After years of hard work, she received her bachelor’s degree in theater in her 40s and then her master’s in counseling. “And I’m still going to school,” she says.

She takes full advantage of classes—theology, philosophy, art, history and, of course, Shakespeare, where she is quick to raise her hand if the professor is looking for someone to read a scene—offered through the MOLLI program. “Anything that makes you think and question” is what draws Patricia in. She can’t remember how may courses she has taken with Professor Mehrdad Kia who calls Patricia “one of the most attentive, diligent, and awe-inspiring students I have had in the past 25 years at the University of Montana. Her commitment to learning and her genuine interest in educating herself about various international and global issues is truly exemplary.”

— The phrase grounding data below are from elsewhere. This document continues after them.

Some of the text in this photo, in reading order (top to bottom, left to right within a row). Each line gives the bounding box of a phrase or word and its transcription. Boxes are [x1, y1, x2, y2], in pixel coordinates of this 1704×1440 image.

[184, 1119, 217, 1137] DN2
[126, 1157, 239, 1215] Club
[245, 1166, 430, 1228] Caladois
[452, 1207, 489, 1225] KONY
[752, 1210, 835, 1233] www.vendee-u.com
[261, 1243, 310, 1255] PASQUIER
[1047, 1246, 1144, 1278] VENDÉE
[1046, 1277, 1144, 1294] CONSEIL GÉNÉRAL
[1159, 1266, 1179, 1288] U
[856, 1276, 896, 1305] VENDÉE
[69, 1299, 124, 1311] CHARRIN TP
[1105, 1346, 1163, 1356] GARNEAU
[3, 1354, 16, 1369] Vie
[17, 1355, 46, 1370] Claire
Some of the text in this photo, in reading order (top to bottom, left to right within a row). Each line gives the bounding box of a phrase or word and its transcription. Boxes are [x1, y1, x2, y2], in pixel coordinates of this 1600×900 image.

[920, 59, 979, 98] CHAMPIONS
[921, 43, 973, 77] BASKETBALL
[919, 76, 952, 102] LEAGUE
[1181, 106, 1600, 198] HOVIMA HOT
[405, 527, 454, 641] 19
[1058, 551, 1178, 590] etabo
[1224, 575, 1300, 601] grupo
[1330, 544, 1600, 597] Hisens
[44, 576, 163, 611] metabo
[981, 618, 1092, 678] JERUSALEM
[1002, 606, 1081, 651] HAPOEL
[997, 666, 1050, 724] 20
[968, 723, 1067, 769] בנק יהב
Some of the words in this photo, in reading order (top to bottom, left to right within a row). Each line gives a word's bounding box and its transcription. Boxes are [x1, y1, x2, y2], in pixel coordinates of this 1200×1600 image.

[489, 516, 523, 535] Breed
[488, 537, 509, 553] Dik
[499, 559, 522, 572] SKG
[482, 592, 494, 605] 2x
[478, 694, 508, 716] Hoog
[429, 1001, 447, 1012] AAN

It is hard to pinpoint the beginning of Patricia’s love of volunteering but the death of her beloved Warren after 40 years of marriage had a profound effect on her. “I didn’t like to see people dying alone,” she says. She felt called to be a hospital chaplain and received training in San Antonio, Texas. Never one to do anything halfway, Patricia made history by becoming the first lay female Catholic chaplain assigned to a U.S. military hospital at Brooke Army Medical Center.

The love of family and a desire to see all four seasons brought Patricia to Missoula from Texas. “My daughter Mary Louise said, ‘Mom, you’d love it.’ It was such a small town, I thought it was the jumping off place of the earth. But I found out differently and it was grand.”

Since moving to Missoula, Patricia has taken her volunteerism global. She joined the Peace Corps and celebrated her 70th birthday 
in Nepal, where she would have served the full two-year term if a bad case of pneumonia hadn’t gotten in the way.

While volunteering takes up much of her time, Patricia has always kept theater a big part of her life. She appeared in a short film made for a graduate student’s thesis, which led to her “discovery” by director Guy Baker who flew her and Mary Louise to Portland to shoot the 2014 short film Teal’s Legacy.

Today, you will find Patricia behind the scenes at the Missoula Children’s Theatre, starring in a commercial for Missoula Aging Services, volunteering at church, deciding on her next MOLLI course, and speed walking in the Rattlesnake to stay healthy.

Patricia’s advice to anyone, especially seniors, looking to live a long, happy life is to “find something you have a passion for. Get interested in other people.” The citizens of Missoula are very lucky that Patricia has taken an interest in them.